- _Instructions to follow_: Locate the line with "this 1280×960 image." in the material. Copy that line and each one after it, through the last, exactly and with nothing else.

- _Data supplied_:
******************************

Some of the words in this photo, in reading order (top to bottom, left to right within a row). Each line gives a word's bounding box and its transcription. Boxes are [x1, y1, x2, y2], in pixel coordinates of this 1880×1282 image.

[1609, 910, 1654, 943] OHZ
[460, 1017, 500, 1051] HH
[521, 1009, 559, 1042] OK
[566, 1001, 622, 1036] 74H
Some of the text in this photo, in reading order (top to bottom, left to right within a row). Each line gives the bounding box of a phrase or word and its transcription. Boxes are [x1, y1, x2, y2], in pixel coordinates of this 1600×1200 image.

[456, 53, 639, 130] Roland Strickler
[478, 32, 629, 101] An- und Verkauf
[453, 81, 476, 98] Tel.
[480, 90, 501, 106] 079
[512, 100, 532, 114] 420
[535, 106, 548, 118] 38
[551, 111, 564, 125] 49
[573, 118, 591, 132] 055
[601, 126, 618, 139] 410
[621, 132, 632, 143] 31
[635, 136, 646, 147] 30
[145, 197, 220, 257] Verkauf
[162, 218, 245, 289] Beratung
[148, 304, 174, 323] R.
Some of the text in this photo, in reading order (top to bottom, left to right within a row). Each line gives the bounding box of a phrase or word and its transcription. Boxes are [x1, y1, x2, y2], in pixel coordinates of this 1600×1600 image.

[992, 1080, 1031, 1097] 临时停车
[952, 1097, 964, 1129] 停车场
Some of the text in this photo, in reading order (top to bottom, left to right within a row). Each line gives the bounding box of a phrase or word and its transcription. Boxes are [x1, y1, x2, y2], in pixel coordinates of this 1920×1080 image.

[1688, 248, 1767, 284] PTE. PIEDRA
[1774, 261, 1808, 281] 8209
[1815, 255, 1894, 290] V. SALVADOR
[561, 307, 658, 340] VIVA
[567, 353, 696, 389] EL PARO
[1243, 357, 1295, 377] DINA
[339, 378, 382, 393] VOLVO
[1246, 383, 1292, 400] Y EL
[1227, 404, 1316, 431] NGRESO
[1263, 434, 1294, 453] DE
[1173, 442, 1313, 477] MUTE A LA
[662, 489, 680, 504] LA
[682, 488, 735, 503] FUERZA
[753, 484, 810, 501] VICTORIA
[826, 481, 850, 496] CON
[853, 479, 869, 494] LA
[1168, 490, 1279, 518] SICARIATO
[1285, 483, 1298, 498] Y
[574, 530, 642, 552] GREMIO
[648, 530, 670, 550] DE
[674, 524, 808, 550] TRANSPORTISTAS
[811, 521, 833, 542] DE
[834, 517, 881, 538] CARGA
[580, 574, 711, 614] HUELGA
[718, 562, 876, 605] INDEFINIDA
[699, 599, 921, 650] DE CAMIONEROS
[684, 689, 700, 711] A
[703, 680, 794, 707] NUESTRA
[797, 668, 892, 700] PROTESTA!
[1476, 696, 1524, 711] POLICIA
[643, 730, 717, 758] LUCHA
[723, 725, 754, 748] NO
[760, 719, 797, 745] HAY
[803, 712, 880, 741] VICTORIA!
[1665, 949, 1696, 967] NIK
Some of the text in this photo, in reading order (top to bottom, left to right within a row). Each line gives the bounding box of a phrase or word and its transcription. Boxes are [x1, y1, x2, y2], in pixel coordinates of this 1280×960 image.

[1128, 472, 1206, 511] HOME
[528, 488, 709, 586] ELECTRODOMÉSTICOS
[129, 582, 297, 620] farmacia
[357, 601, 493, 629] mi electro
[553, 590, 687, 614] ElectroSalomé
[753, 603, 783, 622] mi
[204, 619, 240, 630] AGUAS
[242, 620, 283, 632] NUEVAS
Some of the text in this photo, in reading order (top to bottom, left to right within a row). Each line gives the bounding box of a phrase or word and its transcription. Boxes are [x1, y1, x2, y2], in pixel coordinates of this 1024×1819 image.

******************************

- _Response box_:
Some of the text in this photo, in reading order (top to bottom, left to right within a row). Each line gives the bounding box of a phrase or word and its transcription. Boxes are [x1, y1, x2, y2], in pixel coordinates of this 1280×960 image.

[1128, 472, 1206, 511] HOME
[528, 488, 709, 586] ELECTRODOMÉSTICOS
[129, 582, 297, 620] farmacia
[357, 601, 493, 629] mi electro
[553, 590, 687, 614] ElectroSalomé
[753, 603, 783, 622] mi
[204, 619, 240, 630] AGUAS
[242, 620, 283, 632] NUEVAS
Some of the text in this photo, in reading order (top to bottom, left to right within a row). Each line gives the bounding box of a phrase or word and its transcription. Boxes are [x1, y1, x2, y2], in pixel coordinates of this 1024×1819 image.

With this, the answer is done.